Azo-based iminopyridine ligands: synthesis, optical properties, theoretical calculations and complexation studies

Abstract We describe herein the full characterization of azobenzene based iminopyridine ligands ( L1 – L4 ) synthesized by a condensation reaction between N , N -Dimethyl-4,4′-azodianiline or 4-(4-nitrophenylazo)aniline and 2-pyridinecarboxaldehyde or 2,6-pyridinedicarboxaldehyde. The UV–visible absorption bands of these ligands were fully assigned using DFT and TD-DFT computations. The complexation of ligand L1 and ligand L2 with AgNO 3 afforded two neutral silver metal complexes formulated as [ AgL1NO 3 ] and [ AgL2NO 3 ], respectively.
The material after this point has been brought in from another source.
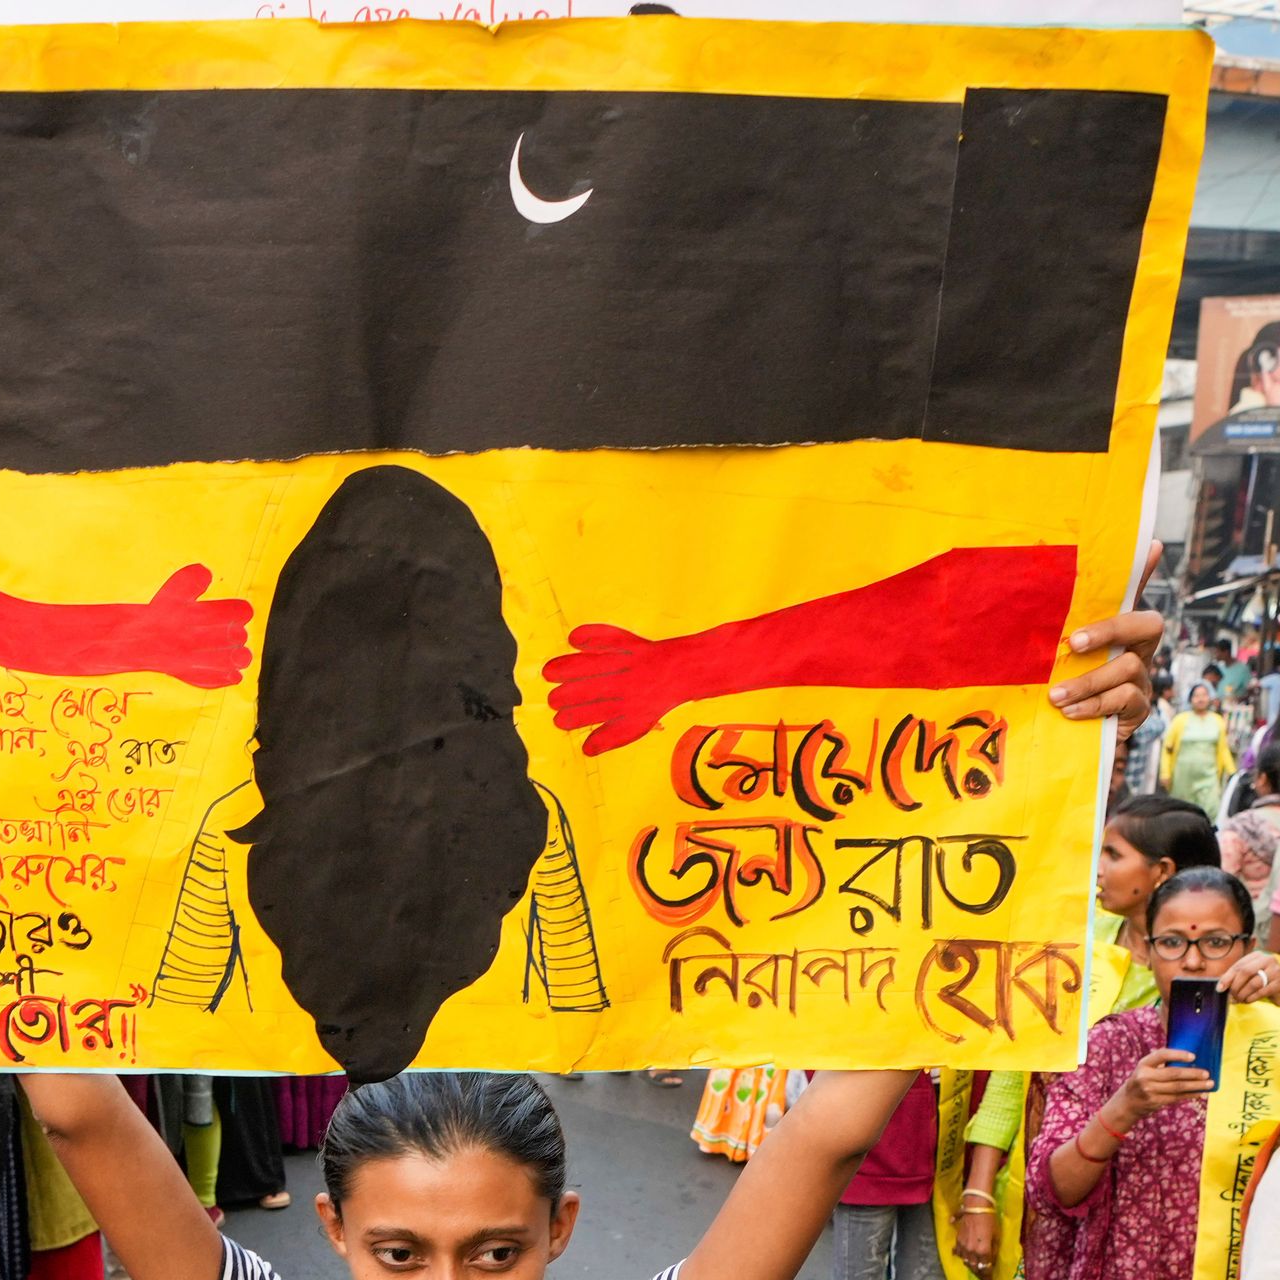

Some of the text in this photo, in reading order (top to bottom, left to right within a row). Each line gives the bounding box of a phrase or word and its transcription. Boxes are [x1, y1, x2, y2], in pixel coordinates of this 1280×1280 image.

[120, 738, 187, 774] রাত
[670, 708, 1010, 821] মেয়েদের
[627, 816, 1030, 937] জন্য রাত
[662, 925, 1086, 1044] নিরাপদ হোক
The crystal structure analysis of the two complexes indicate the presence of a Y-shaped tricoordinated silver (I) ion for [ AgL1NO 3 ] and a tetracoordinated silver(I) ion displaying rather rare and distorted square planar geometry for [ AgL2NO 3 ]. In solid state, for both complexes, a 3D supramolecular architecture is generated via hydrogen bonds of type C–HċO and C–Hċπ. The UV–visible spectrophotometric titration studies of ligands L1 – L4 , by increasing amount of AgNO 3 or of ZnCl 2 indicates the possibility of forming transition metal complexes with these ligands.